**Exercise**. Leave out the pictures and repeat the data exactly.

Extracted records
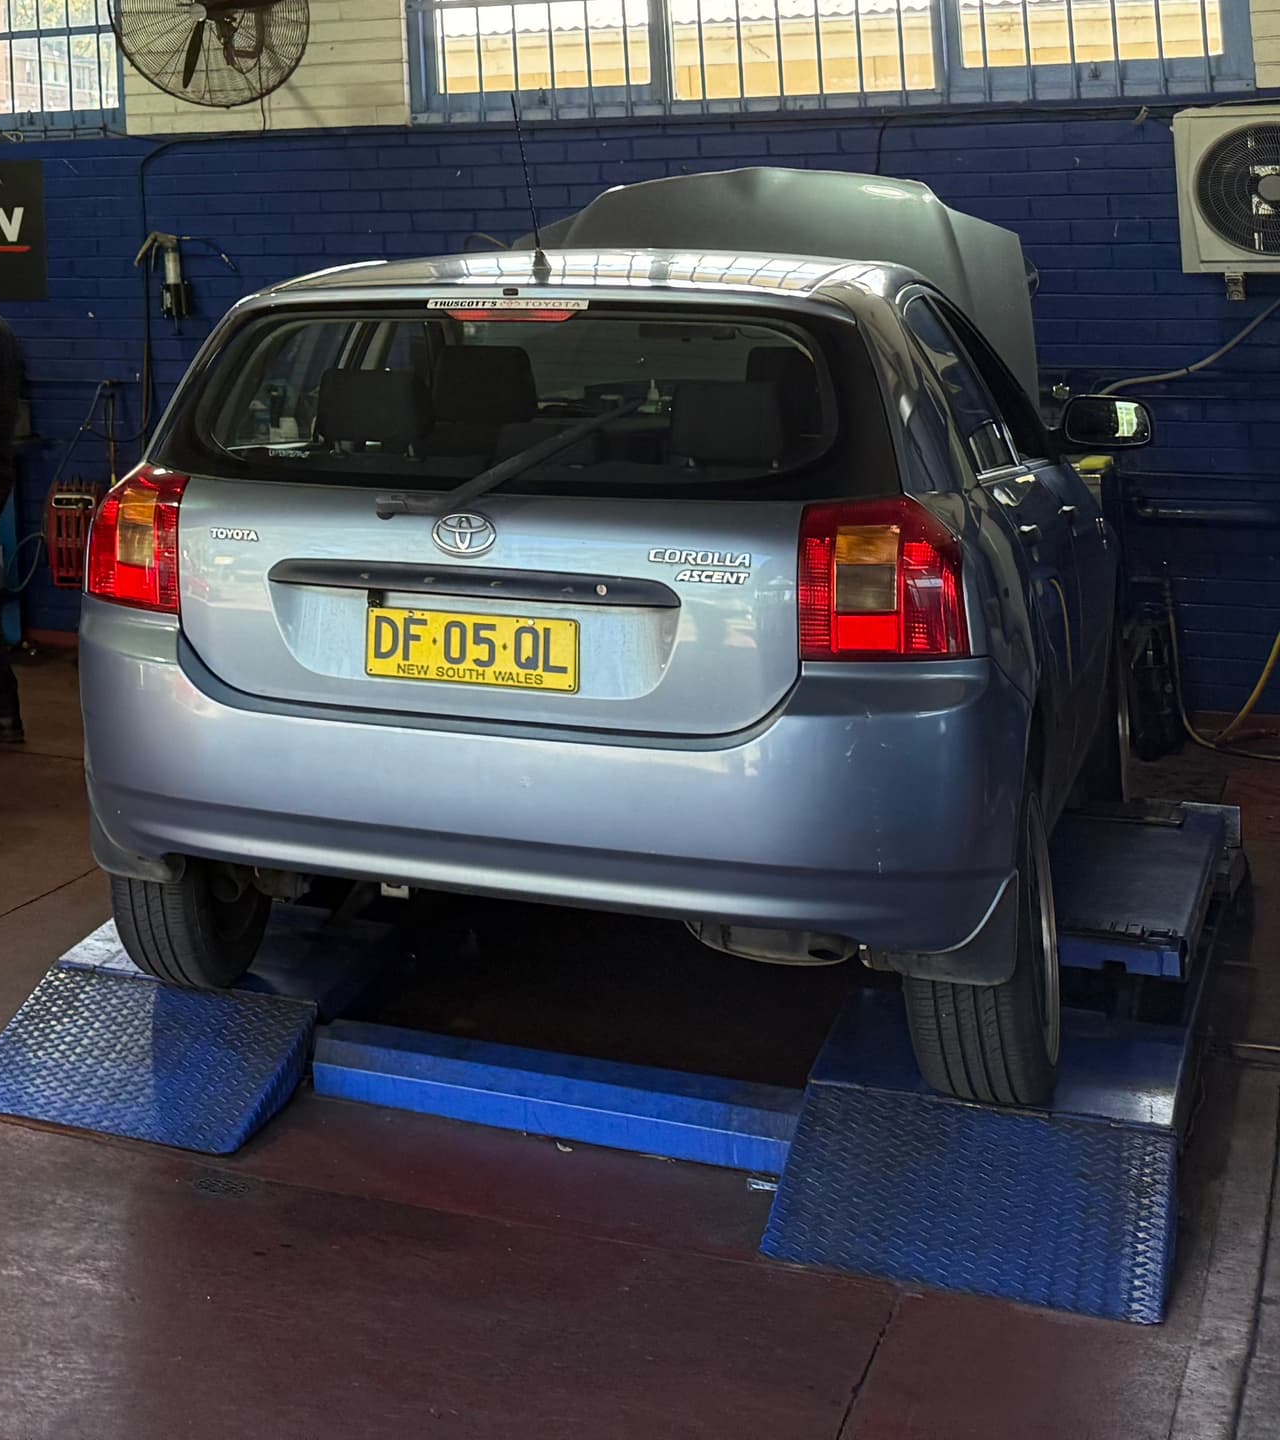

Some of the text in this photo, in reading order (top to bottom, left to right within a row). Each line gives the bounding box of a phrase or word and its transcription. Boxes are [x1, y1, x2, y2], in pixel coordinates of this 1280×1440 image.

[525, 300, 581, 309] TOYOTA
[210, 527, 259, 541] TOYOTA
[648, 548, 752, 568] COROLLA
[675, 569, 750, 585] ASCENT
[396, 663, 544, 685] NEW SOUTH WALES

**Task output**.
Some of the text in this photo, in reading order (top to bottom, left to right within a row). Each line gives the bounding box of a phrase or word and its transcription. Boxes are [x1, y1, x2, y2], in pixel coordinates of this 1280×1440 image.

[525, 300, 581, 309] TOYOTA
[210, 527, 259, 541] TOYOTA
[648, 548, 752, 568] COROLLA
[675, 569, 750, 585] ASCENT
[396, 663, 544, 685] NEW SOUTH WALES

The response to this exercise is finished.